What the task requires:
If a record holds a picture, skip the picture but print everything else exactly.

Given data section start

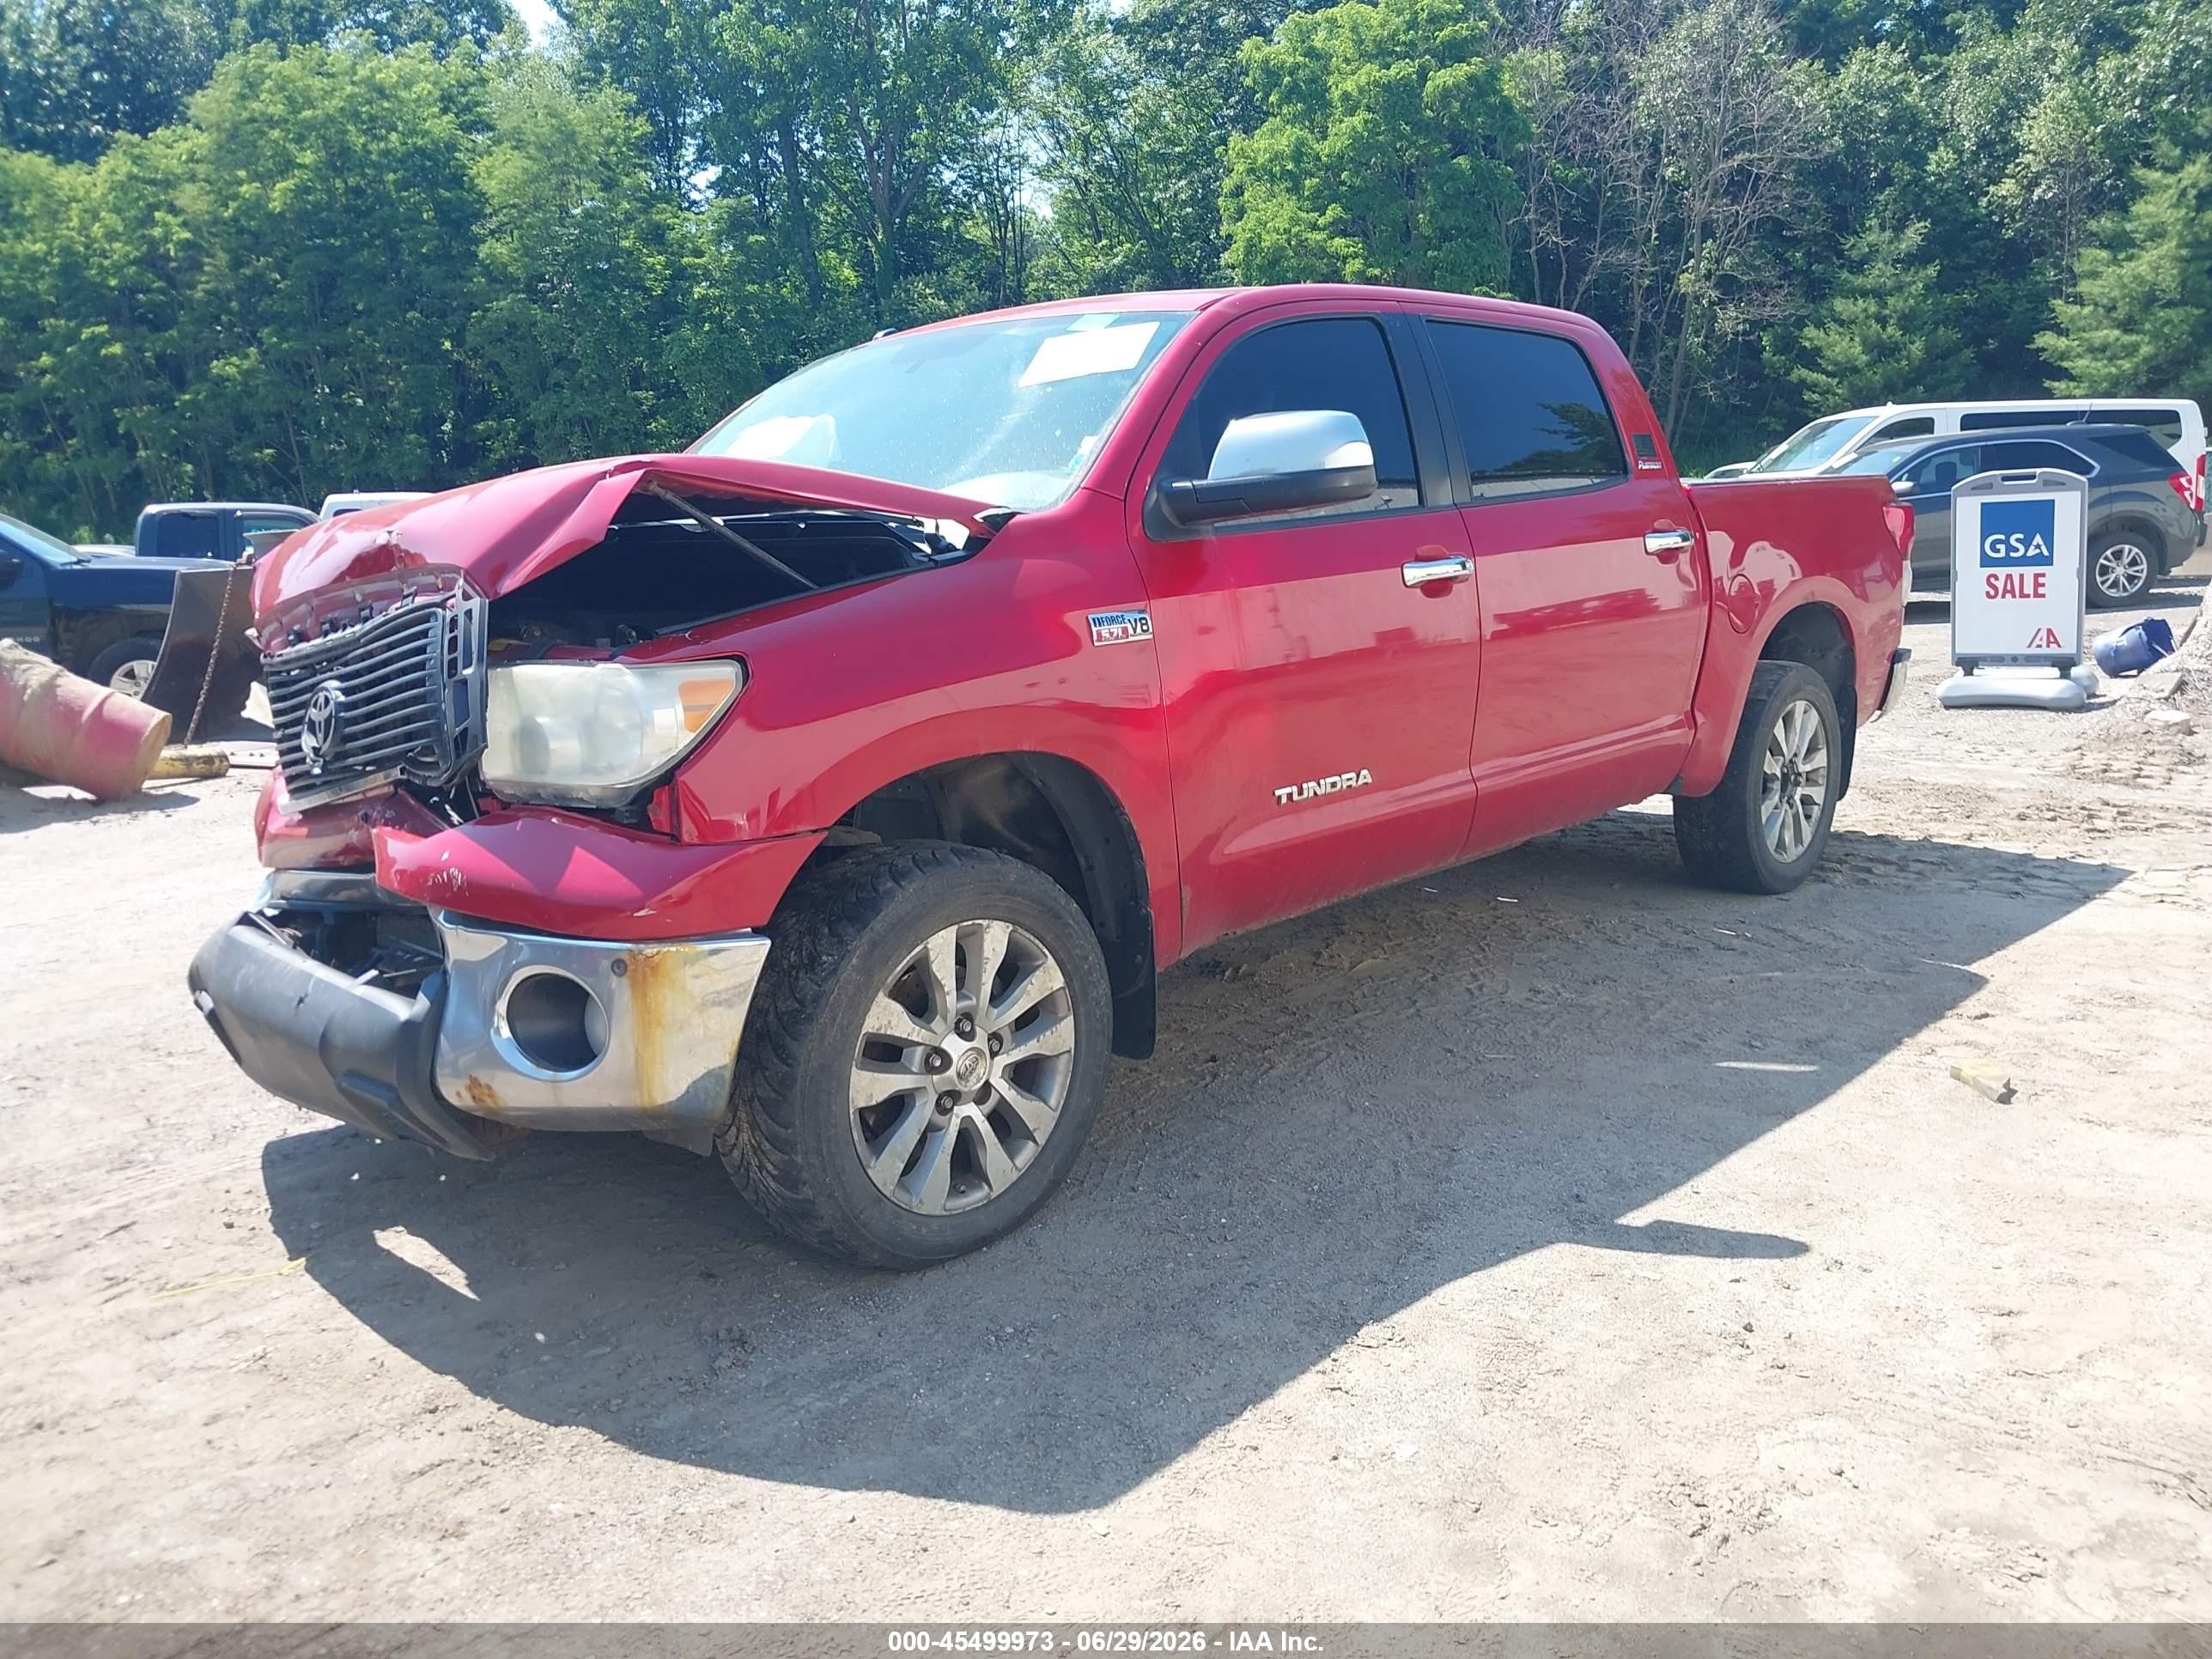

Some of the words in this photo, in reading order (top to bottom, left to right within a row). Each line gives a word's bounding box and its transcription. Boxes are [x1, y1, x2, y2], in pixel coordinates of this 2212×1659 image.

[1984, 532, 2050, 558] GSA
[1985, 573, 2046, 599] SALE
[1127, 617, 1150, 635] V8
[1273, 769, 1372, 805] TUNDRA

Given data section end

Answer to this task:
Some of the words in this photo, in reading order (top to bottom, left to right within a row). Each line gives a word's bounding box and its transcription. Boxes are [x1, y1, x2, y2], in pixel coordinates of this 2212×1659 image.

[1984, 532, 2050, 558] GSA
[1985, 573, 2046, 599] SALE
[1127, 617, 1150, 635] V8
[1273, 769, 1372, 805] TUNDRA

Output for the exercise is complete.